# Work instruction:
Give the entries again exactly; drop the pictures.

# Material for the task:
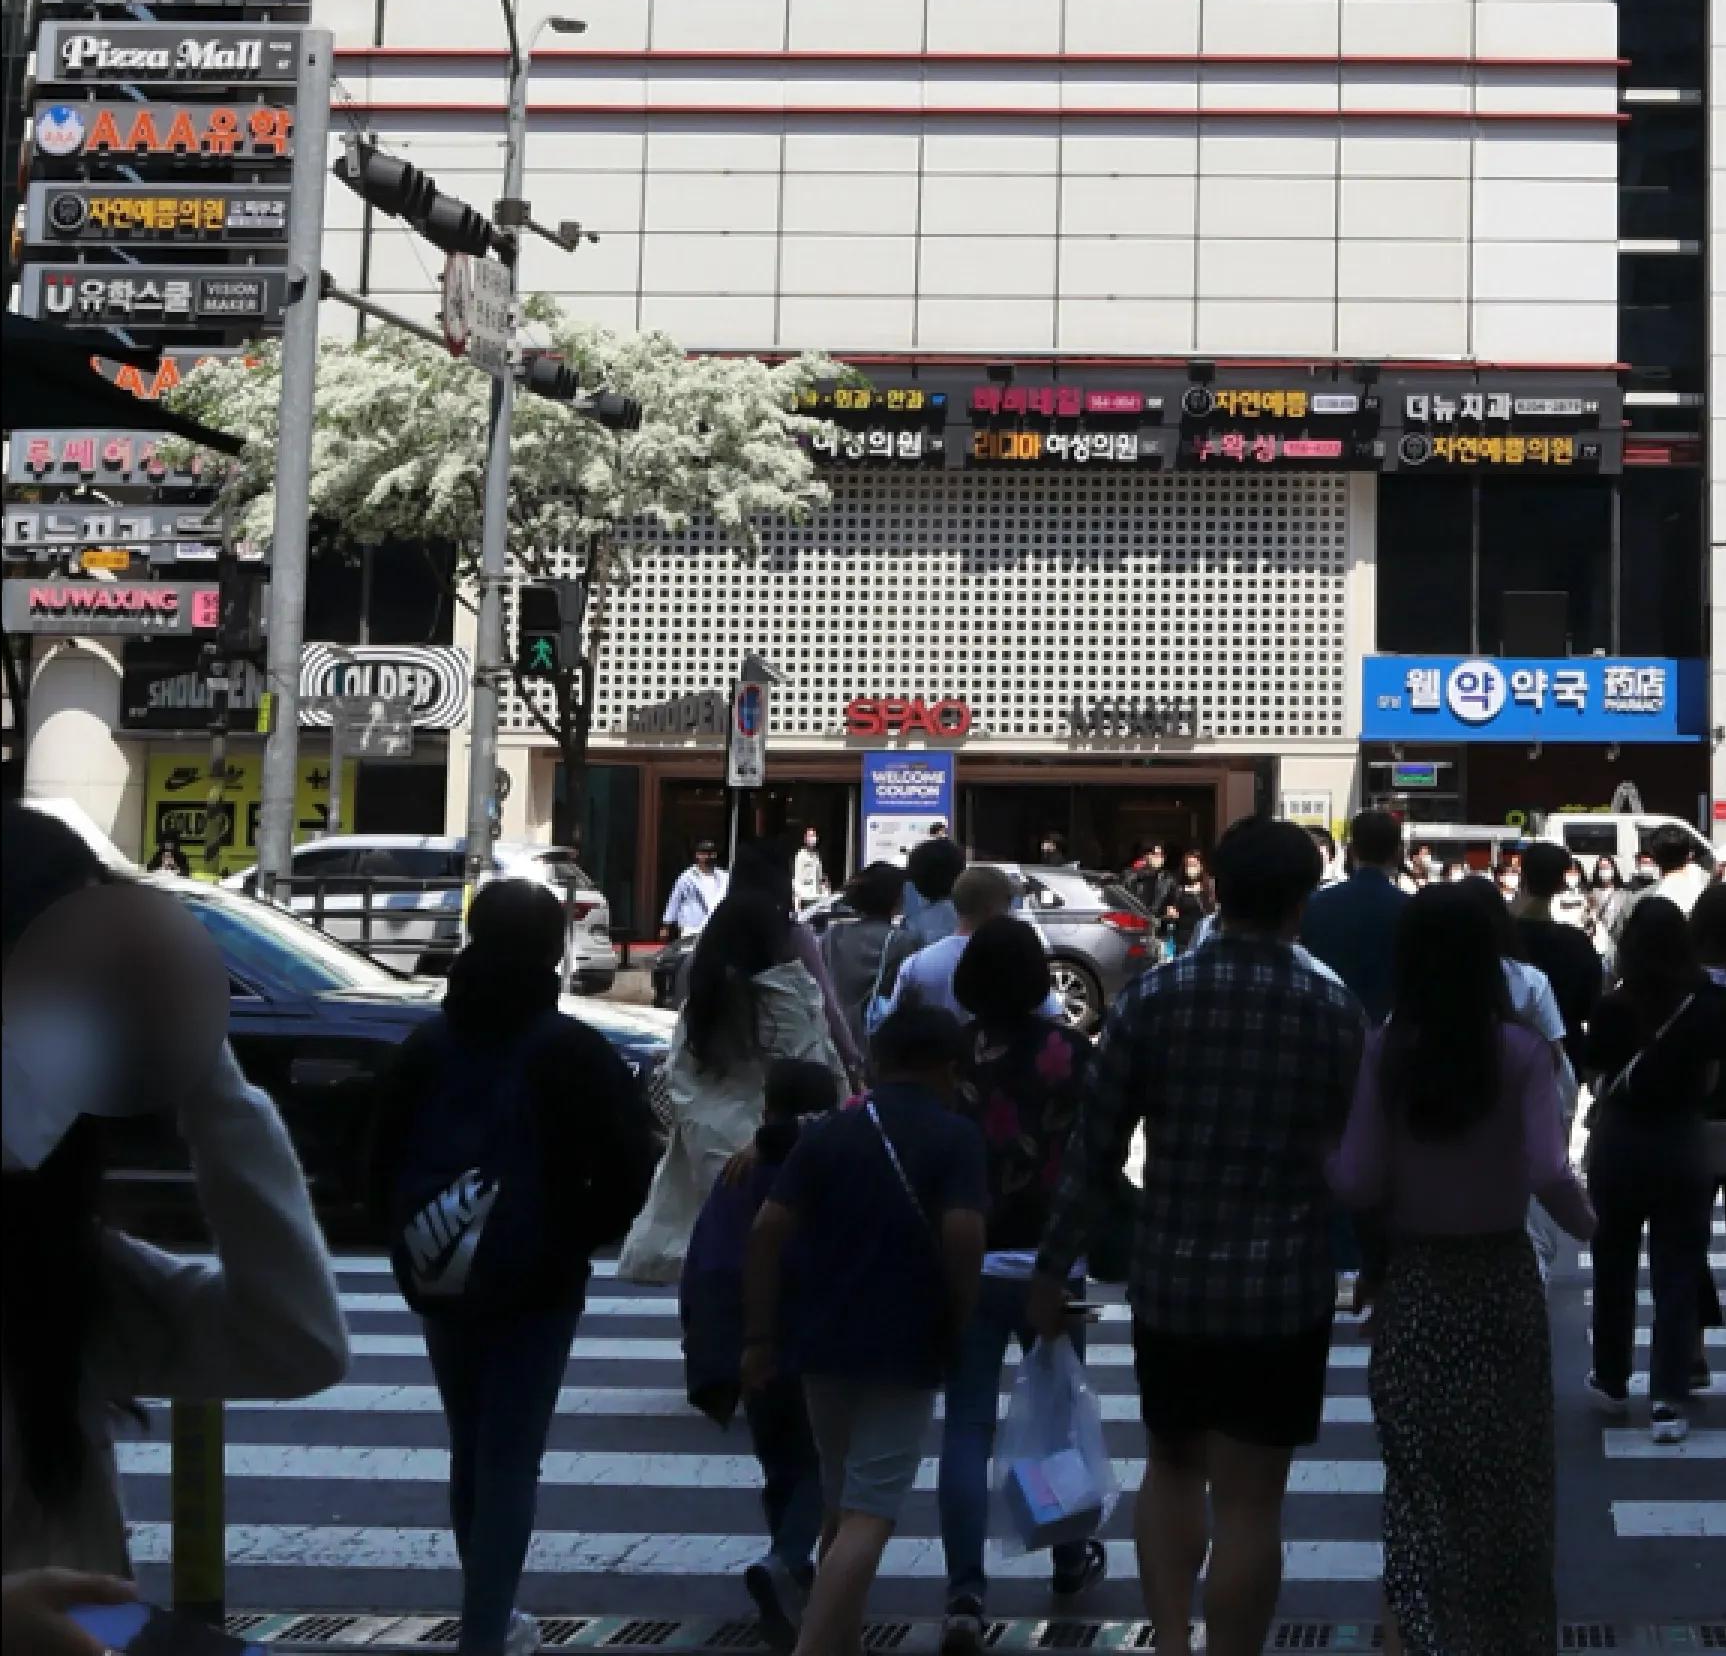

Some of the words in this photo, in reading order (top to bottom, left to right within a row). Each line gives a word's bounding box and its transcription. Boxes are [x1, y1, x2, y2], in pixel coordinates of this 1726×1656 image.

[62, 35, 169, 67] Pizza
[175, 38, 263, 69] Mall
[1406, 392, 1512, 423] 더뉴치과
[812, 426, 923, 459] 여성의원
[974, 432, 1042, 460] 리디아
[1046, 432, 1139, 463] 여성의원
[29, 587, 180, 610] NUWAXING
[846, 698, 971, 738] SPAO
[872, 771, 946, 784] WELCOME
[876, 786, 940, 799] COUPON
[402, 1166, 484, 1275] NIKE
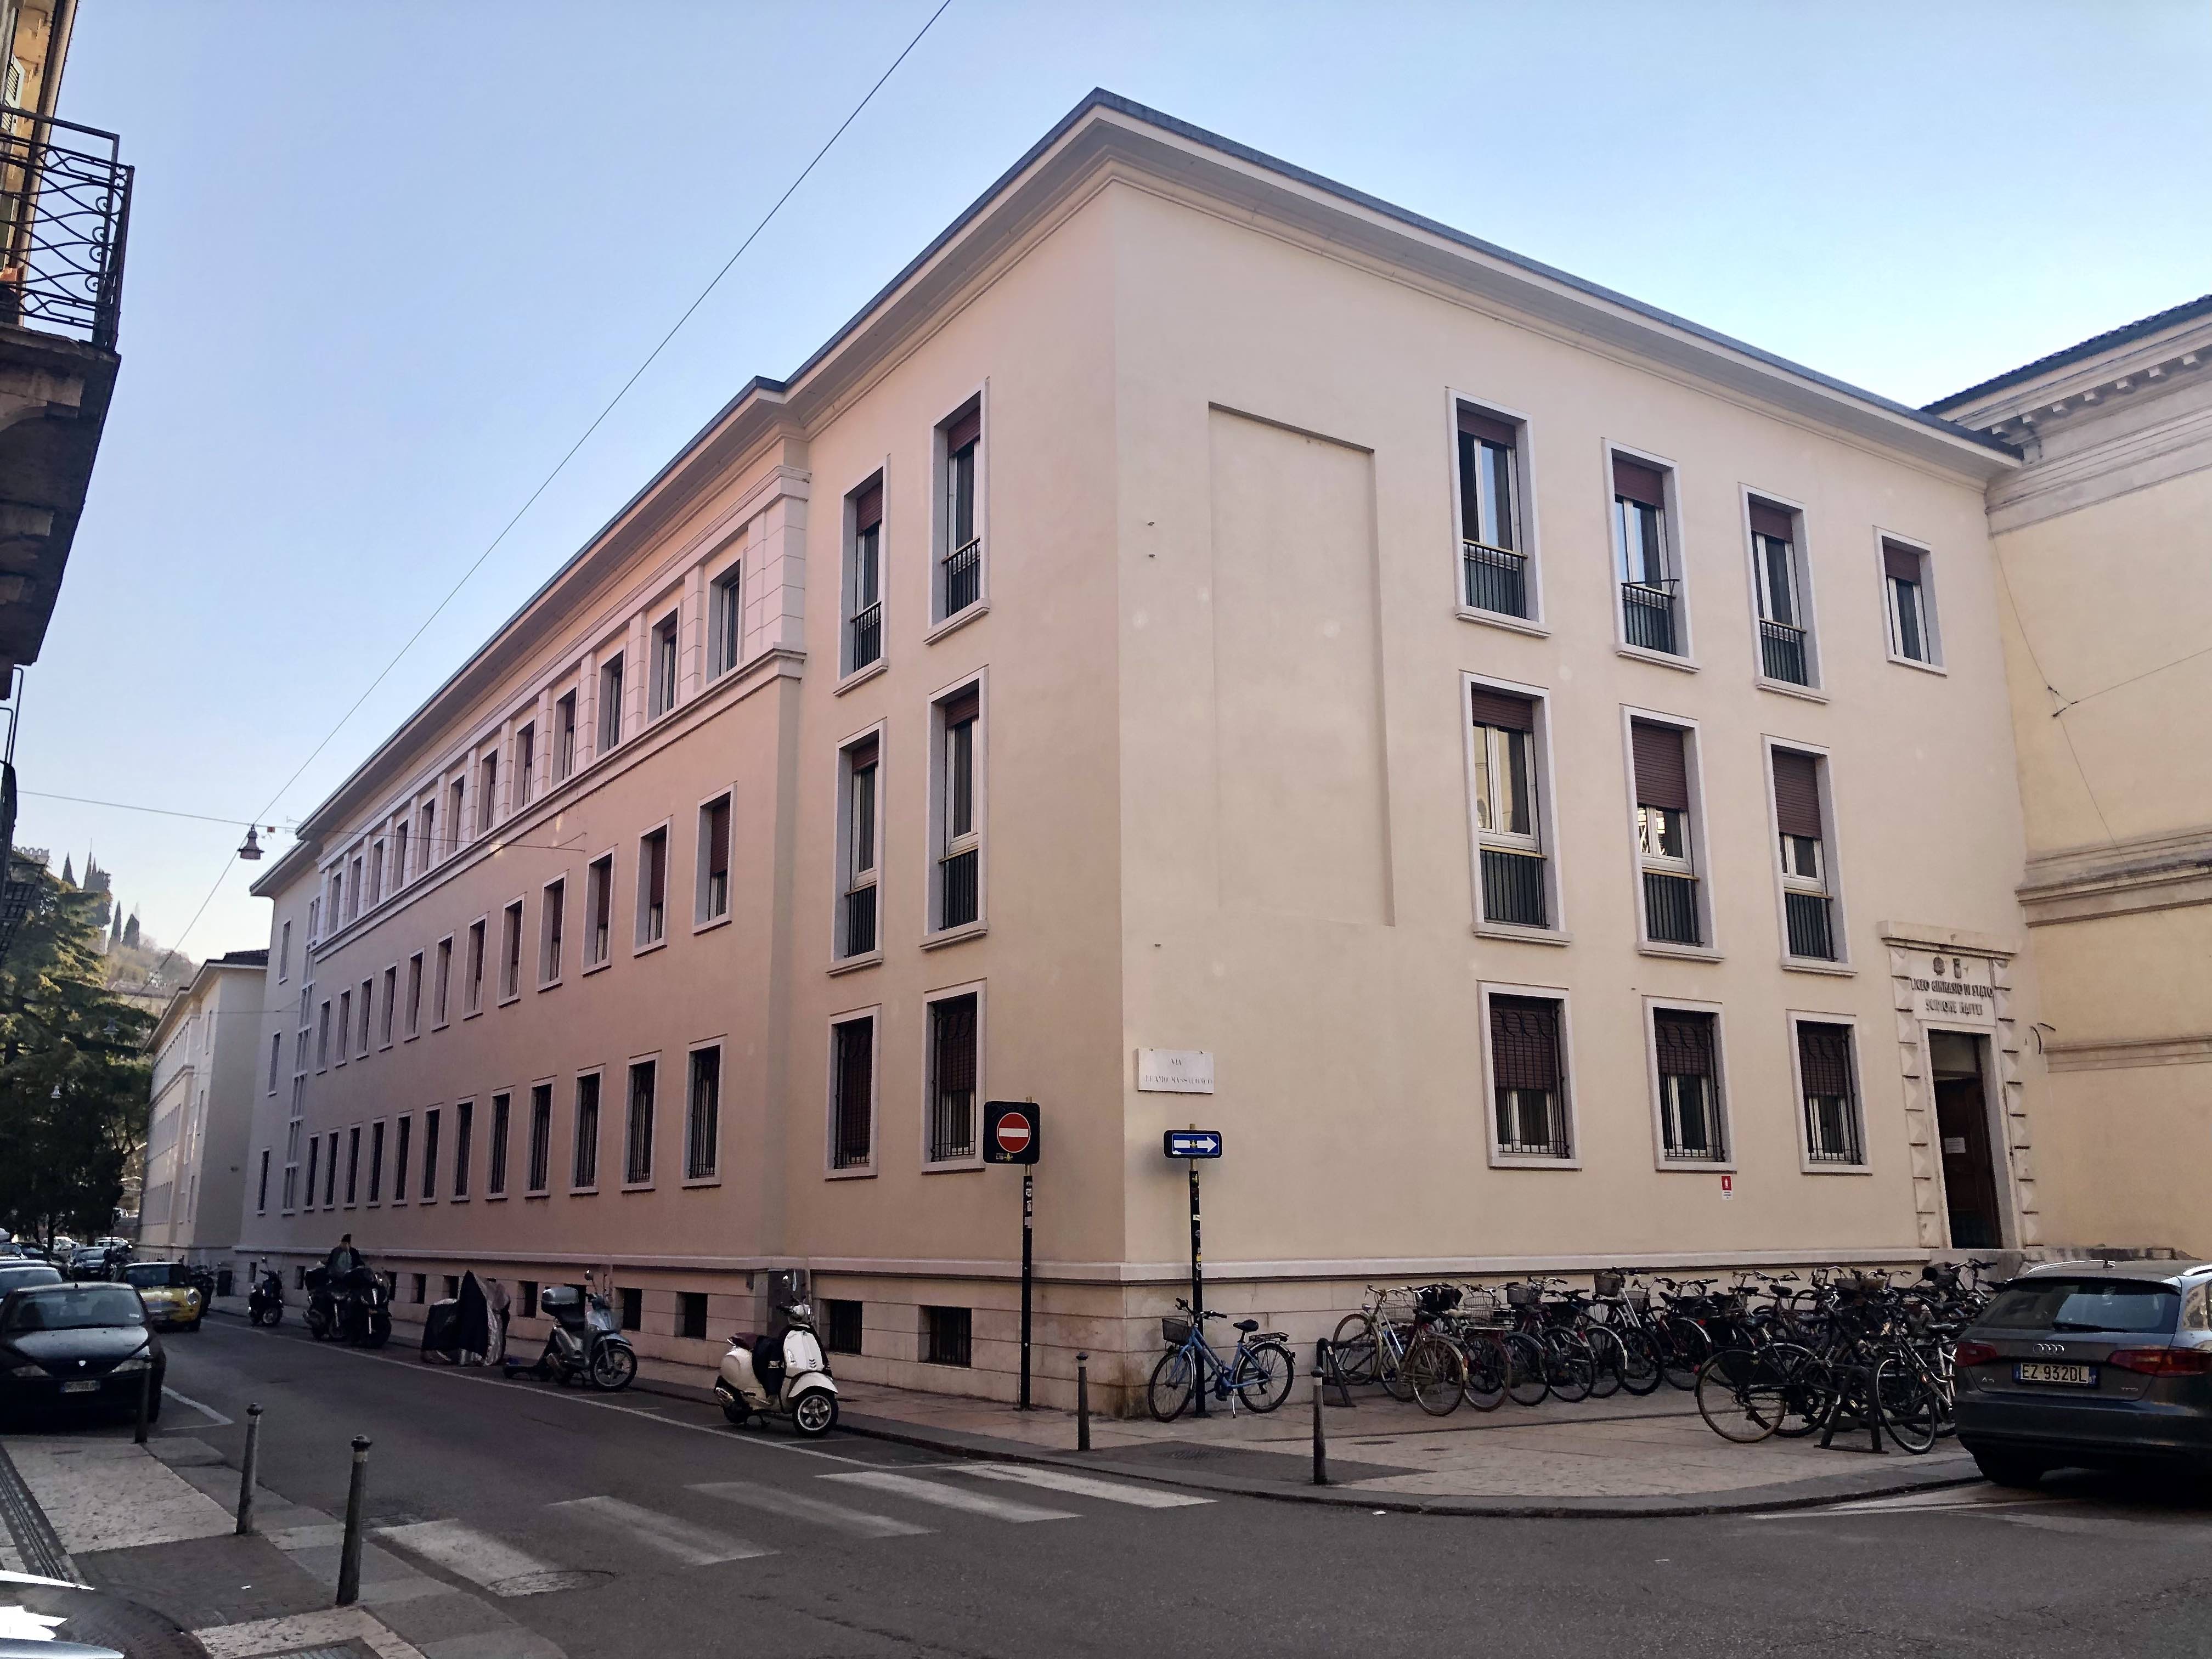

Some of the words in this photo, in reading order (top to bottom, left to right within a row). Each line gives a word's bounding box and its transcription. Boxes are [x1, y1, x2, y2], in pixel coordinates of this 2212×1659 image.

# The answer:
Some of the words in this photo, in reading order (top to bottom, left to right within a row). Each line gives a word's bounding box and its transcription. Boxes are [x1, y1, x2, y2], in pixel coordinates of this 1726×1656 image.

[62, 35, 169, 67] Pizza
[175, 38, 263, 69] Mall
[1406, 392, 1512, 423] 더뉴치과
[812, 426, 923, 459] 여성의원
[974, 432, 1042, 460] 리디아
[1046, 432, 1139, 463] 여성의원
[29, 587, 180, 610] NUWAXING
[846, 698, 971, 738] SPAO
[872, 771, 946, 784] WELCOME
[876, 786, 940, 799] COUPON
[402, 1166, 484, 1275] NIKE

Some of the words in this photo, in reading order (top to bottom, left to right within a row). Each line gives a word's bounding box and its transcription. Boxes are [x1, y1, x2, y2], in pixel coordinates of this 2212×1659 image.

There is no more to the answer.